The United States Department of State announced on Wednesday (13) the revocation of visas for Mozart Júlio Tabosa Sales, Brazil’s current Secretary for Specialized Health Care, and former government official Alberto Kleiman, citing their “complicity” in a healthcare program that brought Cuban doctors to remote and underserved areas of Brazil.
In a statement, U.S. Secretary of State Marco Rubio accused Sales and Kleiman of being responsible for or participating in “facilitating Havana’s scheme” that allegedly “exploits Cuban health workers through forced labor.”
The program, launched in 2013 during Alexandre Padilha’s first term as Health Minister, deployed thousands of doctors, most from Cuba, to municipalities, neighborhoods, and Indigenous territories facing a severe shortage of health professionals. At its peak in 2016, it had 18,000 doctors serving nearly 63 million people across 4,000 municipalities.
On X (formerly Twitter), Padilha defended both the program and the sanctioned officials:
“We will not bow to those who persecute vaccines, researchers, science, and now two of the key people behind this program during my first term as Health Minister,” he wrote.
The initiative was established through an agreement with the Pan American Health Organization (PAHO), part of the World Health Organization (WHO). It was ended under the government of Jair Bolsonaro, who compared the program to “slavery.” In response, Cuba withdrew its doctors from Brazil in November 2018, shortly before Bolsonaro took office in January 2019.

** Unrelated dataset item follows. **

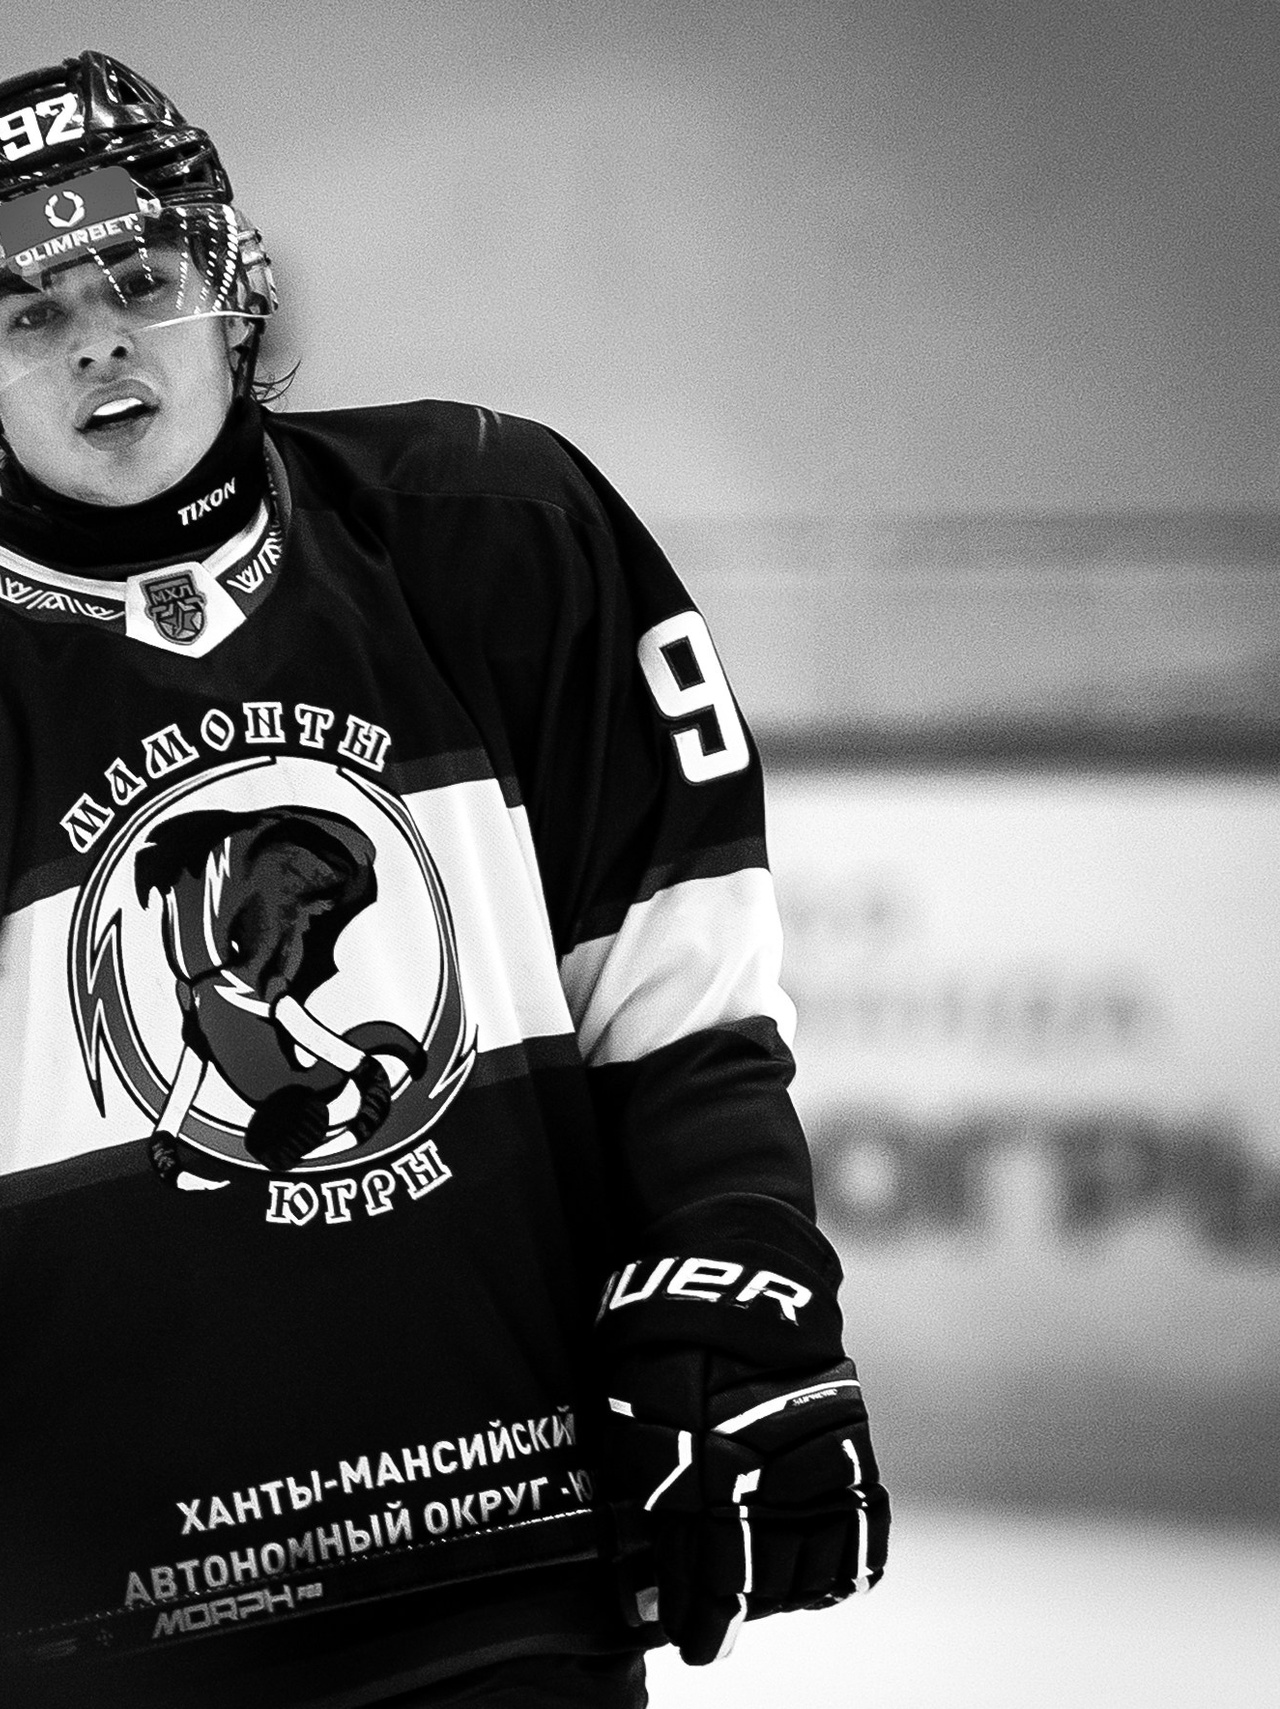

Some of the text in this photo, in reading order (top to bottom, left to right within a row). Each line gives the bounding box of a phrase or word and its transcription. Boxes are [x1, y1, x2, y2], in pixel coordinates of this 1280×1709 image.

The program was reinstated under President Luiz Inácio Lula da Silva’s third administration. “In just two years of this current government, we have doubled the number of doctors in the program. We are proud of this legacy, which delivers medical care to millions of Brazilians who previously had no access to healthcare,” Padilha wrote.

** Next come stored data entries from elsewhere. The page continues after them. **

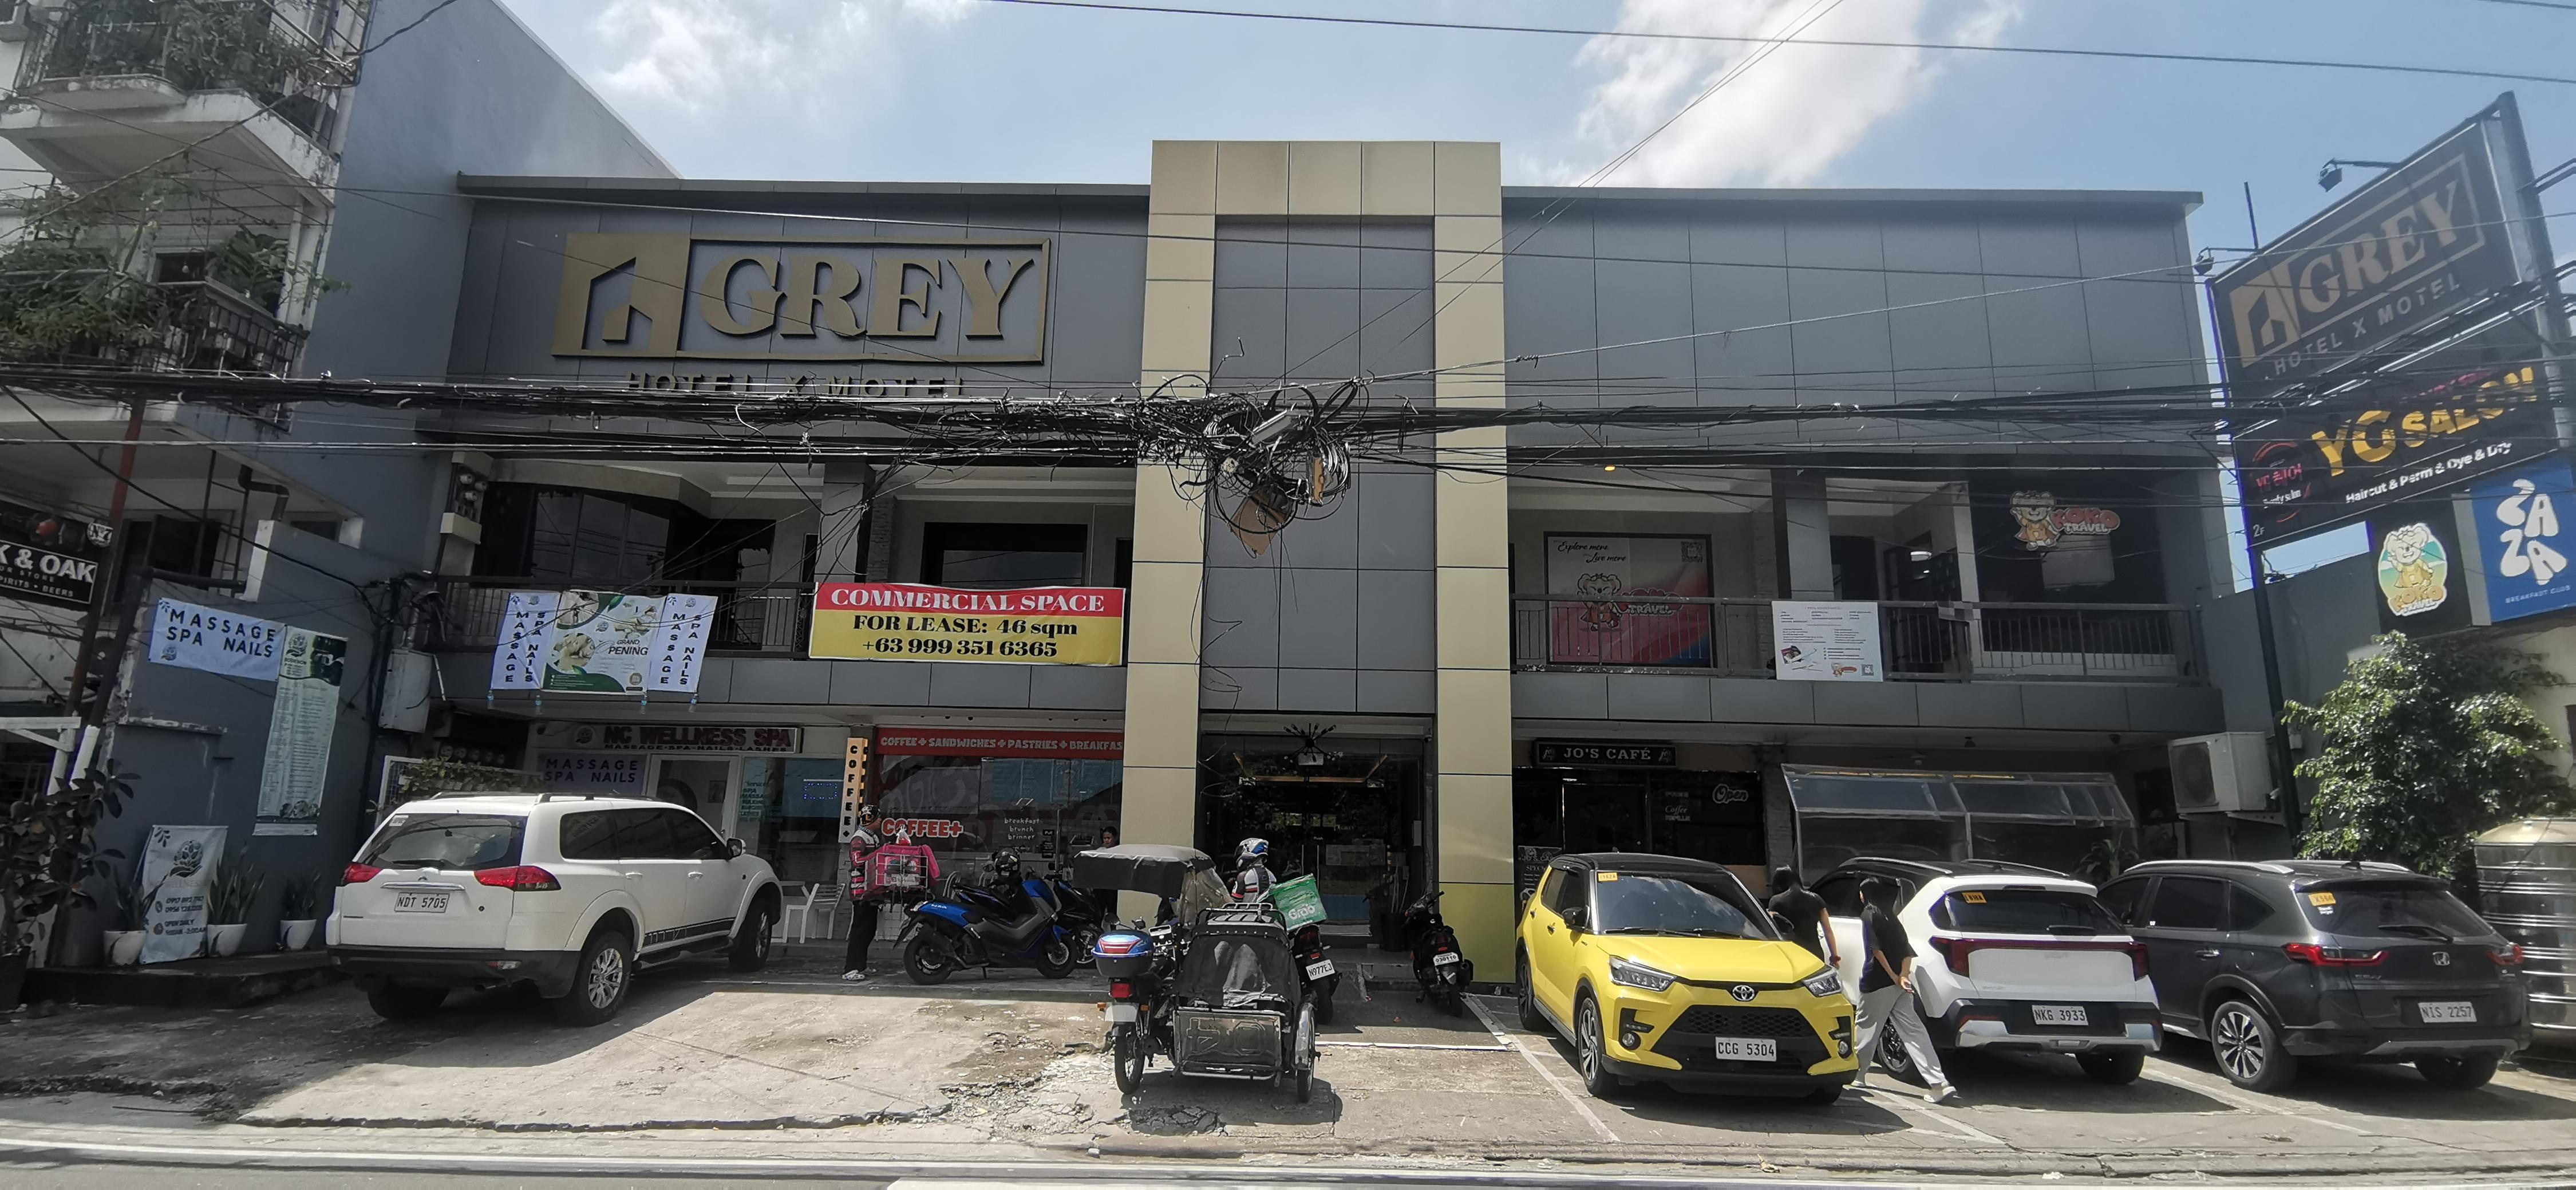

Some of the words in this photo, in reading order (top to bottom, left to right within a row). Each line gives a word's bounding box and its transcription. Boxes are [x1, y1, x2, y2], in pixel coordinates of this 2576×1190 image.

[2299, 179, 2459, 313] GREY
[699, 255, 1036, 339] GREY
[2274, 332, 2342, 376] HOTEL
[2352, 317, 2366, 338] X
[2377, 273, 2460, 325] MOTEL
[2346, 486, 2388, 504] Haircut
[2388, 479, 2399, 490] &
[2400, 467, 2433, 487] Perm
[2435, 463, 2447, 474] &
[2447, 454, 2473, 471] Dye
[2474, 449, 2486, 460] &
[2487, 440, 2512, 459] Dry
[2051, 507, 2119, 529] KOKO
[2064, 521, 2108, 532] TRAVEL
[2253, 523, 2265, 538] 2F
[1558, 541, 1587, 553] Explore
[14, 549, 33, 569] &
[39, 555, 96, 583] OAK
[1585, 552, 1604, 563] Live
[42, 585, 73, 597] BEERS
[2550, 584, 2571, 594] CLUB
[831, 588, 1014, 611] COMMERCIAL
[1020, 594, 1105, 612] SPACE
[169, 608, 276, 643] MASSAGE
[532, 612, 546, 636] SPA
[688, 614, 702, 639] SPA
[853, 614, 902, 631] FOR
[906, 617, 988, 634] LEASE:
[996, 619, 1026, 635] 46
[1030, 621, 1077, 639] sqm
[167, 626, 203, 647] SPA
[223, 637, 273, 658] NAILS
[505, 612, 529, 683] MASSAGE
[660, 613, 686, 684] MASSAGE
[862, 637, 903, 653] +63
[907, 639, 953, 654] 999
[957, 640, 994, 655] 351
[999, 640, 1058, 657] 6365
[525, 644, 539, 682] NAILS
[679, 647, 695, 684] NAILS
[604, 726, 633, 744] NC
[639, 727, 746, 746] WELLNESS
[753, 728, 791, 747] SPA
[882, 737, 917, 746] COFFEE
[929, 738, 996, 748] SANDWICHES
[1007, 739, 1057, 750] PASTRIES
[1563, 747, 1599, 759] JO'S
[1606, 746, 1651, 760] CAFÉ
[546, 759, 638, 770] MASSAGE
[544, 771, 574, 783] SPA
[591, 773, 636, 783] NAILS
[1712, 783, 1748, 804] Open
[1665, 805, 1688, 815] Coffee
[397, 896, 417, 908] NDT
[421, 897, 447, 909] 5705
[1289, 903, 1315, 920] Grab
[1435, 955, 1457, 963] 030110
[1309, 963, 1333, 977] N977EJ
[2034, 1009, 2054, 1021] NKG
[2059, 1010, 2086, 1022] 3933
[2421, 1007, 2442, 1018] NIS
[2449, 1006, 2472, 1018] 2257
[1718, 1042, 1739, 1055] CCG
[1747, 1043, 1774, 1057] 5304

Also on X, Senator Humberto Costa, Brazil’s Health Minister from 2003 to 2005, during Lula’s first administration, said the U.S. move targeted the very idea of free public healthcare. “While this program delivers free medical care to millions in Brazil, Trump persecutes those who made it happen,” he wrote.
Leftwing federal lawmaker Guilherme Boulos also criticized the U.S. sanctions, calling them an attack on Brazil. “The boldness of the Bolsonaro-aligned plot against Brazil knows no limits. Now Trump is punishing civil servants who helped run a program that gave millions of Brazilians access to healthcare,” he posted.